● **Data records**:
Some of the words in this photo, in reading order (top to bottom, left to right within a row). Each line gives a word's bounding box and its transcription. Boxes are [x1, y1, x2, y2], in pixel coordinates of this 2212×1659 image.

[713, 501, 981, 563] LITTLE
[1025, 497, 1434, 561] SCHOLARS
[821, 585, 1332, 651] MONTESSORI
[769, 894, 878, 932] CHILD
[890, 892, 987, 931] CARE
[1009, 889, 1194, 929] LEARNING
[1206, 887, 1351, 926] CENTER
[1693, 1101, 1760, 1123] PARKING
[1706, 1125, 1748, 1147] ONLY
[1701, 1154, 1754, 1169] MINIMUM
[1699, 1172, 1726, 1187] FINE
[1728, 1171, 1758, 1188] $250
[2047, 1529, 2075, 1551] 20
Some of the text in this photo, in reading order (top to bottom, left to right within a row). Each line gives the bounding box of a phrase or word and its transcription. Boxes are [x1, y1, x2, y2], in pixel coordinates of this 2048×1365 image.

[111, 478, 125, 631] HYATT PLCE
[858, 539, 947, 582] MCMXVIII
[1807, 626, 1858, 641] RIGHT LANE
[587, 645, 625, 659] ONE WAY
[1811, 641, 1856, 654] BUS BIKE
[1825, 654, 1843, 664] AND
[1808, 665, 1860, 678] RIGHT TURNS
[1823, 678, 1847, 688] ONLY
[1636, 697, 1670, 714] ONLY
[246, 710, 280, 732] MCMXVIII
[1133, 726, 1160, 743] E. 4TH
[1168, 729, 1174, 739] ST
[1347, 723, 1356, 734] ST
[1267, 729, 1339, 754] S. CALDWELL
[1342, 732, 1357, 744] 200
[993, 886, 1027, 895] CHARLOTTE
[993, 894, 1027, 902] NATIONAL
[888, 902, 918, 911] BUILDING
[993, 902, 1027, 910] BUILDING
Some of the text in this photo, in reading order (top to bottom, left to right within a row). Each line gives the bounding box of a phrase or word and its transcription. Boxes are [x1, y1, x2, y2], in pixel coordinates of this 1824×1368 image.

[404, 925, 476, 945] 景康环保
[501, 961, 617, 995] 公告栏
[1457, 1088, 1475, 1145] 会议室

● **Your instructions**: Reproduce every entry shown above, precisely as it stands.

● **Final answer**:
Some of the words in this photo, in reading order (top to bottom, left to right within a row). Each line gives a word's bounding box and its transcription. Boxes are [x1, y1, x2, y2], in pixel coordinates of this 2212×1659 image.

[713, 501, 981, 563] LITTLE
[1025, 497, 1434, 561] SCHOLARS
[821, 585, 1332, 651] MONTESSORI
[769, 894, 878, 932] CHILD
[890, 892, 987, 931] CARE
[1009, 889, 1194, 929] LEARNING
[1206, 887, 1351, 926] CENTER
[1693, 1101, 1760, 1123] PARKING
[1706, 1125, 1748, 1147] ONLY
[1701, 1154, 1754, 1169] MINIMUM
[1699, 1172, 1726, 1187] FINE
[1728, 1171, 1758, 1188] $250
[2047, 1529, 2075, 1551] 20
Some of the text in this photo, in reading order (top to bottom, left to right within a row). Each line gives the bounding box of a phrase or word and its transcription. Boxes are [x1, y1, x2, y2], in pixel coordinates of this 2048×1365 image.

[111, 478, 125, 631] HYATT PLCE
[858, 539, 947, 582] MCMXVIII
[1807, 626, 1858, 641] RIGHT LANE
[587, 645, 625, 659] ONE WAY
[1811, 641, 1856, 654] BUS BIKE
[1825, 654, 1843, 664] AND
[1808, 665, 1860, 678] RIGHT TURNS
[1823, 678, 1847, 688] ONLY
[1636, 697, 1670, 714] ONLY
[246, 710, 280, 732] MCMXVIII
[1133, 726, 1160, 743] E. 4TH
[1168, 729, 1174, 739] ST
[1347, 723, 1356, 734] ST
[1267, 729, 1339, 754] S. CALDWELL
[1342, 732, 1357, 744] 200
[993, 886, 1027, 895] CHARLOTTE
[993, 894, 1027, 902] NATIONAL
[888, 902, 918, 911] BUILDING
[993, 902, 1027, 910] BUILDING
Some of the text in this photo, in reading order (top to bottom, left to right within a row). Each line gives the bounding box of a phrase or word and its transcription. Boxes are [x1, y1, x2, y2], in pixel coordinates of this 1824×1368 image.

[404, 925, 476, 945] 景康环保
[501, 961, 617, 995] 公告栏
[1457, 1088, 1475, 1145] 会议室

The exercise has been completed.